- Celgene on Friday won U.S. approval for Inrebic, a treatment for myelofibrosis that is one of five drugs Bristol-Myers Squibb regarded as particularly valuable in its $74 billion deal to buy Celgene.
- Before Inrebic's approval, only one other drug was cleared in the U.S. to treat myelofibrosis, a rare bone marrow disorder that disrupts the production of blood cells.
- Celgene paid just over $1 billion upfront in January 2018 to acquire Inrebic's latest developer, Impact Biomedicines.

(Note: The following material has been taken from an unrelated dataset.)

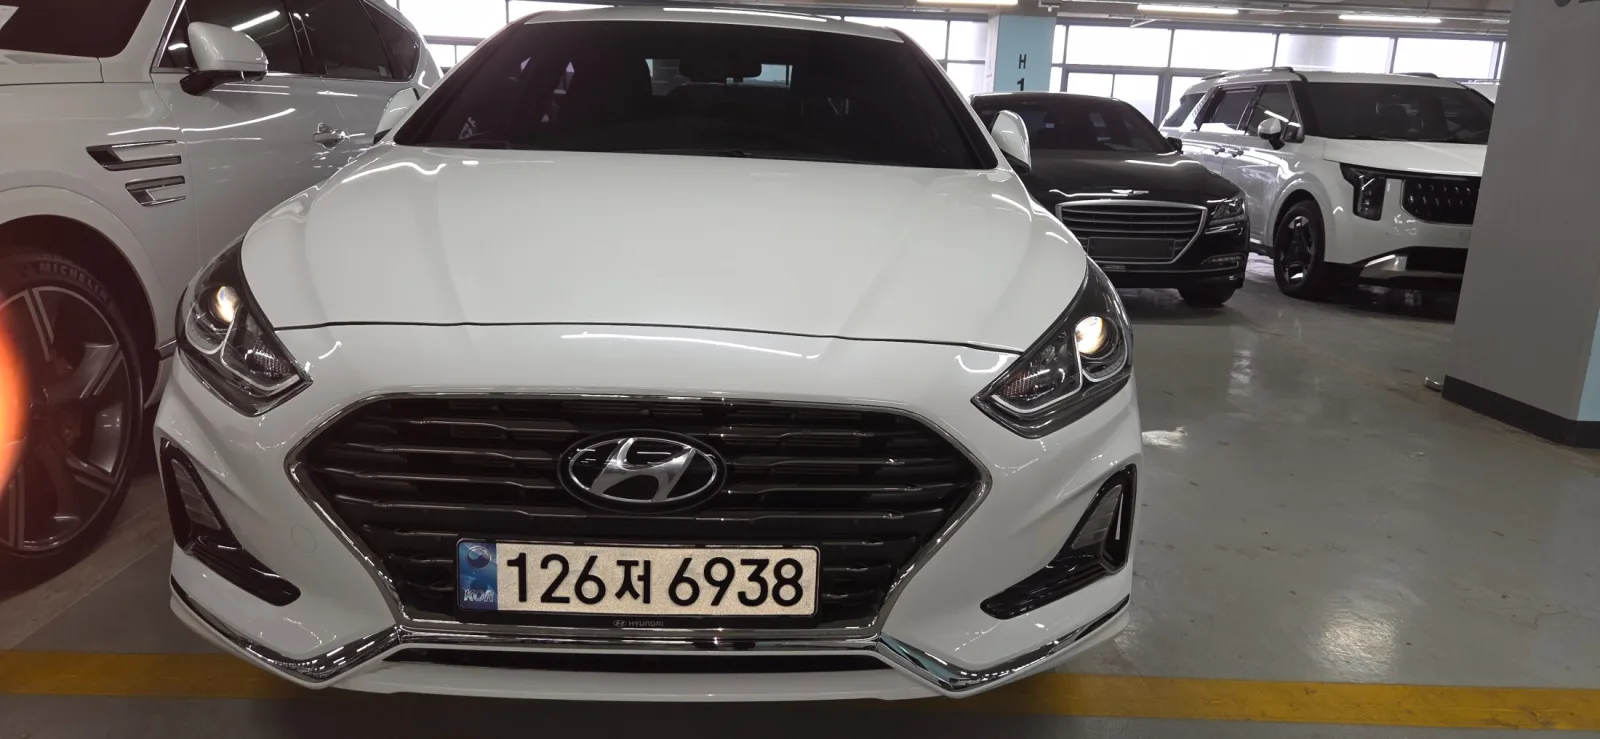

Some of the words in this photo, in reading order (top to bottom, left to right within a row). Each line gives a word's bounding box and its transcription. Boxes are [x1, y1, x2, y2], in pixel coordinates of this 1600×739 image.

As part of that deal, Impact shareholders are entitled to up to $1.4 billion in milestone payments for regulatory approvals in myelofibrosis and other indications.
Approval of Inrebic, which was previously known as fedratinib, is the first domino to fall in Bristol-Myers bet on Celgene's product pipeline.
While Celgene's top-selling blood cancer drug Revlimid (lenalidomide) was a key draw for Bristol-Myers, the pharma also made a case to skeptical investors that Celgene's experimental drugs could give it a foundation for the future.
Among the five drugs highlighted by Bristol-Myers, Wall Street sales estimates for Inrebic are the lowest, ranging between $300 million to $500 million by 2028, according to an activist investor which opposed the Celgene deal.
Much more important are the multiple sclerosis drug ozanimod and the CAR-T cancer therapies bb2121 and lisocabtagene maraleucel.
All told, Bristol-Myers expects the five drugs plus one of its own to eventually generate more than $15 billion in annual revenue.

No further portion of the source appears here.